HUNTSVILLE, AL (WAFF) - Alabama Attorney General Luther Strange is leading a push to reform criminal justice in the state.
He stopped in Huntsville Wednesday to announce several of his goals in the upcoming legislative session, including plans to change the appeals process for killers on Death Row and make it a capital offense to kill someone on a school campus.
Strange, flanked by local officials and lawmakers, listed off what he wants to see changed.
The first issue, the Fair Justice Act, would totally revamp the appeals process for convicted killers on Death Row. The revamped process would prevent appeals from dragging out for years. All parties could then deal with a case when the facts are still fresh.
The average stay on Death Row is 16 years, and Strange said that's not justice.
"To give you an idea, you can cut the time potentially in half, and still protect defendants' rights and make sure that this interminable process has an end to it and that justice is done," he said.

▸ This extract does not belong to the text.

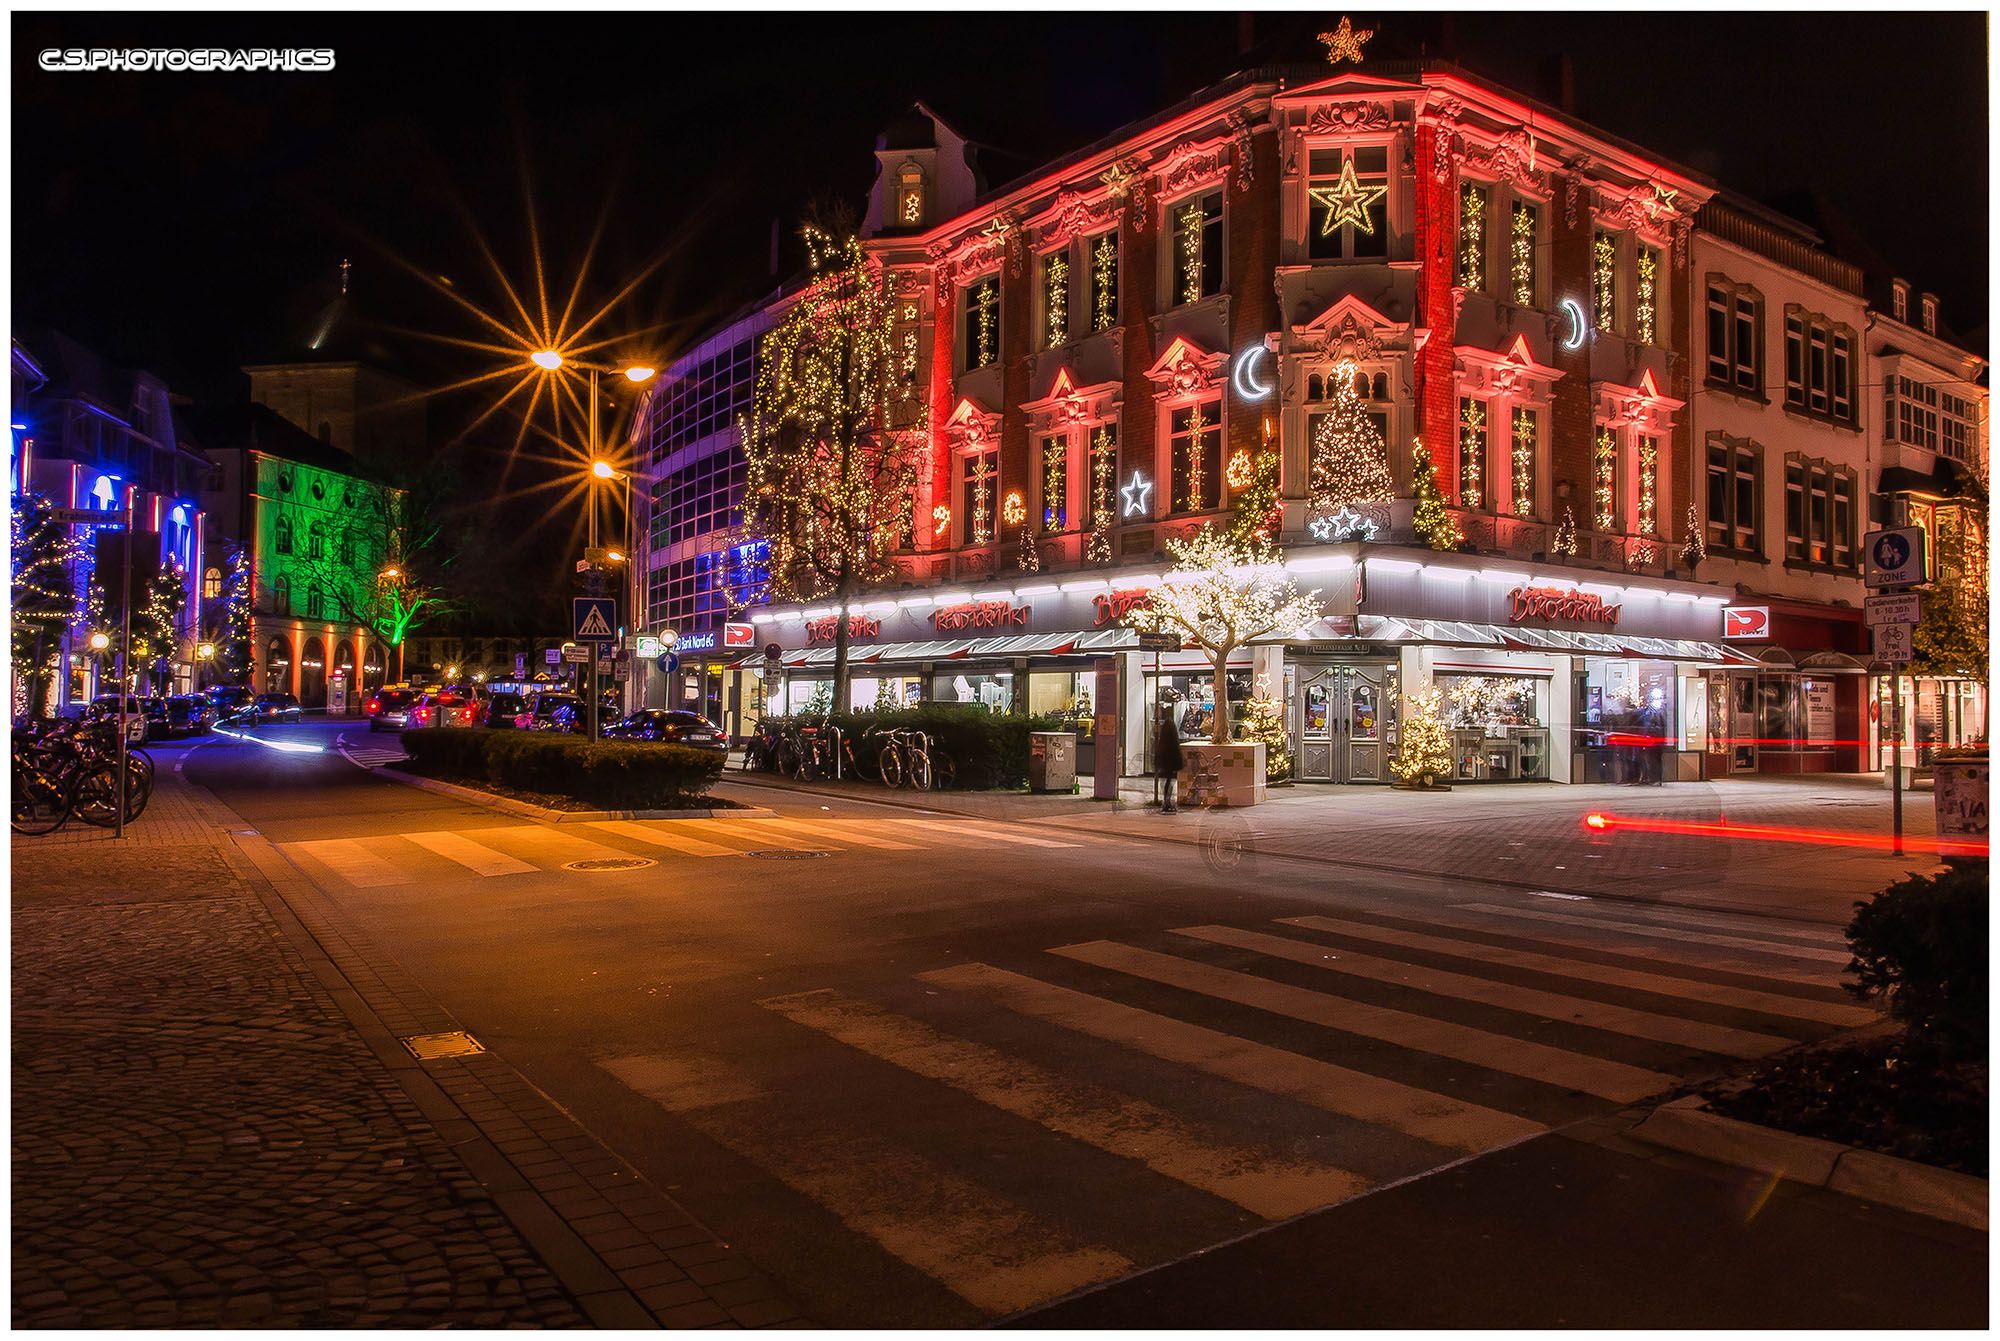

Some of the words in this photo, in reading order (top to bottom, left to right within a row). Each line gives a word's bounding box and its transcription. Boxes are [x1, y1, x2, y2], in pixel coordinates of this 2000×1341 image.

Another reform would make it the murder of a person on a school campus, daycare, or anyone covered by protective order a capital offense.
A further proposal carries a nice name, but could definitely ruffle feathers.
Called the Child Protection and Safe Streets Act, the proposal grants wire tapping for law enforcement with a court order through the Attorney General's office. The wire taps would be used on suspected murderers, kidnappers, those involved in child porn or sex offenses, human trafficking and drug offenders. 43 other states currently allow it.